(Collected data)
===============
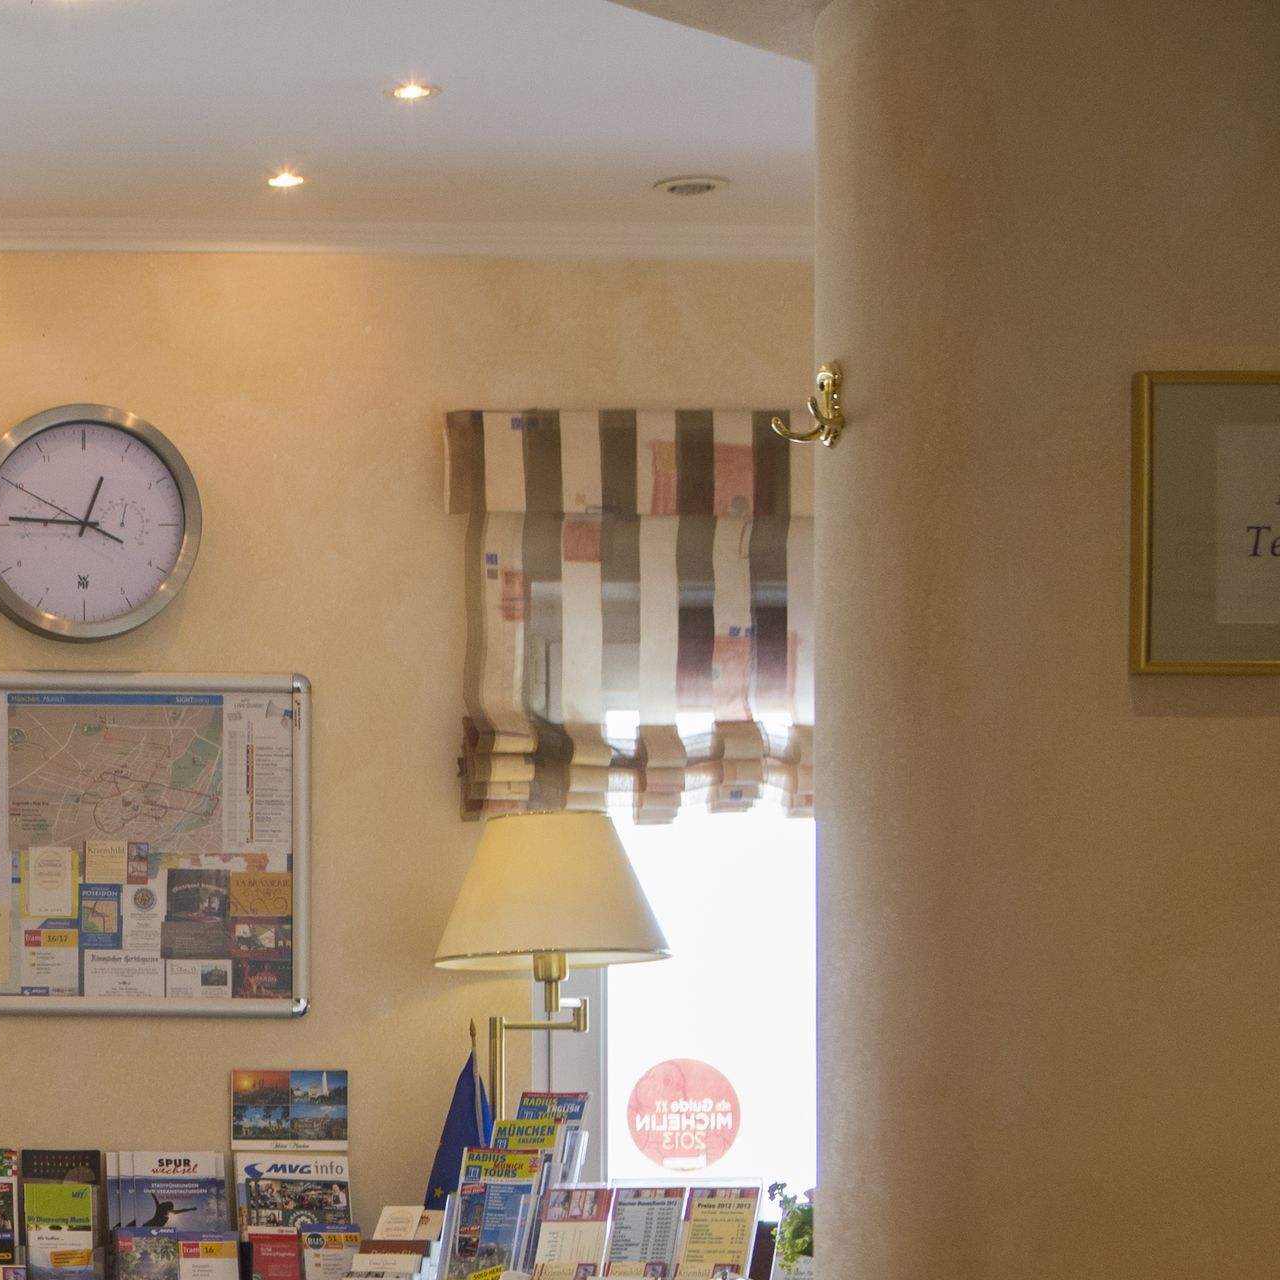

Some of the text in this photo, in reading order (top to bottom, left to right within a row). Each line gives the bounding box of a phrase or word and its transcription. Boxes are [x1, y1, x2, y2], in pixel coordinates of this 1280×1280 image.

[42, 455, 51, 463] 11
[47, 935, 69, 943] 16/17
[523, 1098, 558, 1106] RADIUS
[547, 1103, 580, 1112] ENGLISH
[496, 1123, 555, 1137] MÜNCHEN
[158, 1158, 191, 1167] SPUR
[468, 1153, 506, 1163] RADIUS
[150, 1163, 199, 1174] wechsel
[266, 1160, 344, 1175] MVG info
[493, 1162, 524, 1170] MUNICH
[483, 1169, 517, 1178] TOURS
[307, 1236, 324, 1245] BUS
[473, 1266, 502, 1280] SOLD HERE
===============
● Problem: Copy all records exactly, no images.

● Answer for the task:
Some of the text in this photo, in reading order (top to bottom, left to right within a row). Each line gives the bounding box of a phrase or word and its transcription. Boxes are [x1, y1, x2, y2], in pixel coordinates of this 1280×1280 image.

[42, 455, 51, 463] 11
[47, 935, 69, 943] 16/17
[523, 1098, 558, 1106] RADIUS
[547, 1103, 580, 1112] ENGLISH
[496, 1123, 555, 1137] MÜNCHEN
[158, 1158, 191, 1167] SPUR
[468, 1153, 506, 1163] RADIUS
[150, 1163, 199, 1174] wechsel
[266, 1160, 344, 1175] MVG info
[493, 1162, 524, 1170] MUNICH
[483, 1169, 517, 1178] TOURS
[307, 1236, 324, 1245] BUS
[473, 1266, 502, 1280] SOLD HERE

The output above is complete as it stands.